I share a couple of old early radios. They are called the cathedral style of table top radio, which became popular in the 1930s.
Sorry, I can't decipher the label on this old radio...it was on display in the waiting area of a local restaurant.
And fortunately I could look at the back, only to see...
So this second one was made for the "collectors" market in 2000. Interesting indeed!
I haven't had much success looking for web sites that show clearly any more information, and honestly I don't care that much about them, beyond curiosity.
The memories of old radio shows are of more interest to me...before TV, families would listen together to broadcasts. I wasn't around for Franklin Roosevelt's fireside chats. But I began listening to music early on, and dancing around the living room. Later I enjoyed shows with characters I grew to love, the Lone Ranger, Red Skelton, Jack Benny, Bob Hope, and on and on.
There was a Texaco hour I think on Sunday afternoons, and I remember going for drives with my family and listening to it in the car on the radio. When it was opera singing, I kind of lost interest...after all they were not singing in English even!
I guess this was how my continued interest in radio broadcast music began, and today I am an ardent fan of NPR.
Did you have some radio experiences that you remember?
Sharing with Sepia Saturday this week, which shows a sporting event...on a big field, without electrical amplification so a huge megaphone is being used...I wonder if there were no electric amps yet being used?
Today's Quote:
It is
when you are willing to listen to yourself and be fearless that figuring out
your next step becomes easy.
Although the English Radio shows of the time were obviously different,I'm sure they too formed a soundtrack to our lives back then.
ReplyDeleteWhich is the nice thing about radio.It gives space (if we want ) for other things.It doesnt exclude everything else the way television does.
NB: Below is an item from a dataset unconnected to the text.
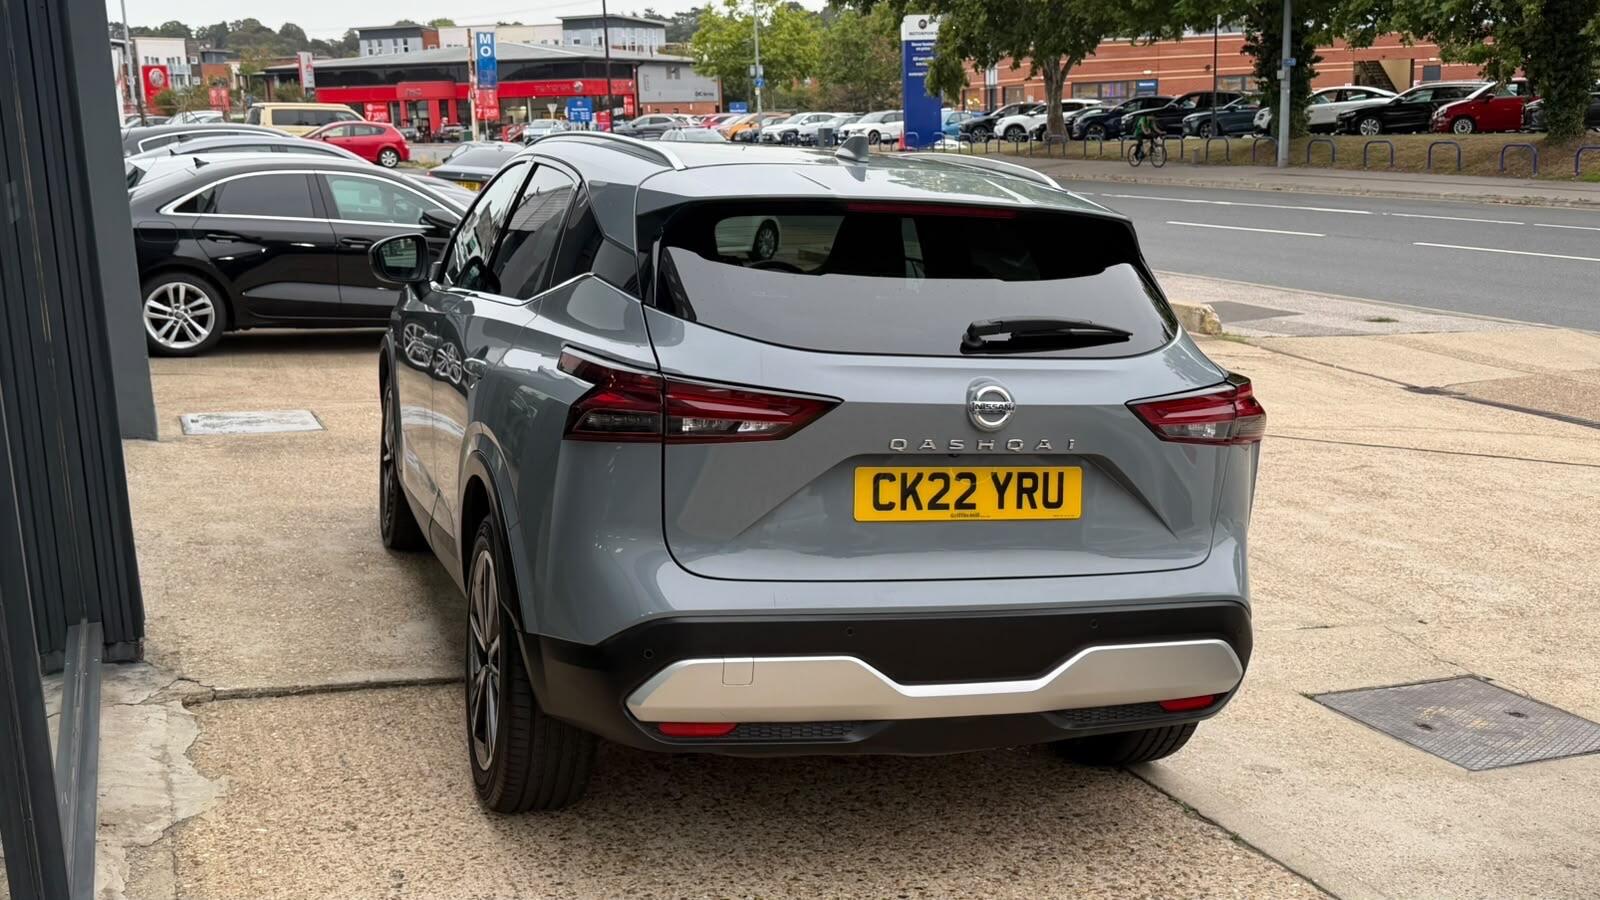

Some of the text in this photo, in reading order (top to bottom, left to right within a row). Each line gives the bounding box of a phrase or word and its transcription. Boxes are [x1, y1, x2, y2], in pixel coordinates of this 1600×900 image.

[975, 402, 1012, 411] NISSAN
[889, 438, 1076, 453] QASHQAI
[872, 471, 1065, 511] CK22 YRU
What a marvelous thing to collect!
ReplyDeleteI didn't know that style of radio had a name. The early radio preachers probably sold a lot of them. Somewhere in Asheville there is a museum of radios run by some collector.
ReplyDeleteIn 1963 when I was in 4th grade my Dad was posted to Germany where we lived for nearly 3 years. We didn't have a television but instead listened to Armed Forces Radio. It was the only English language radio station with a strong signal. In addition to contemporary pop music it regularly played 1930s-40s reruns of radio drama/comedies that my parents had listened to when they were growing up. Radio programs like The Shadow, Burns & Allen, Lone Ranger, etc. I now recognize how important that break from TV addiction was for my own discovery of storytelling and music. Radio remains my favorite media.
Oh my goodness! The Lone Ranger, Roy Rogers, Hop-a-long Cassidy, Burns & Allen, Fibber McGee and Molly, Drag Net, The Inner Sanctum (and that creaking door), and FOOTBALL!(American version). Saturday afternoons meant sitting around the radio (ours was rectangular)with my parents listening to the Cal (U.C. Berkeley) football games instead of going outside to play house or dolls or 'getting married' or whatever with my girlfriends. They never could understand my avid interest in the game, but I loved listening to those games. My heroes were the quarterbacks who could throw great passes, and the running backs who could escape the clutches of the defense and chew up the yards! (I started listening to the games when I was around 10.) And than along came TV where we could watch the games - first in B&W, and later in 'living color'. Moments in my past I recall with great fondness. And I still watch any number of football games on TV in season! I love the game.
ReplyDeleteInteresting to learn of the Cathedral style. I am more familiar with the box radios from the 1950s and 1960s. As a teenager I loved to listen to the radio at night when far-away Top 40 stations came in more clearly. From upstate New York I could hear KDKA in Pittsburg, WBZ in Boston, CKLW in Windsor/Detroit, and several New York City stations. A great way to keep up with the latest tunes and teen culture (predating today's Facebook and Twitter). Thanks for this memory-provoking post!
ReplyDeleteI had not heard the name Cathedral applied to a radio, but it fits. They do look like stained glass windows. I don't recall listening to radio shows, but as a teen I had a clock radio that I left on all night long. On Christmas Eve I always woke up to hear Lorne Green reading "The Gift of the Magi." Something about his voice, I guess.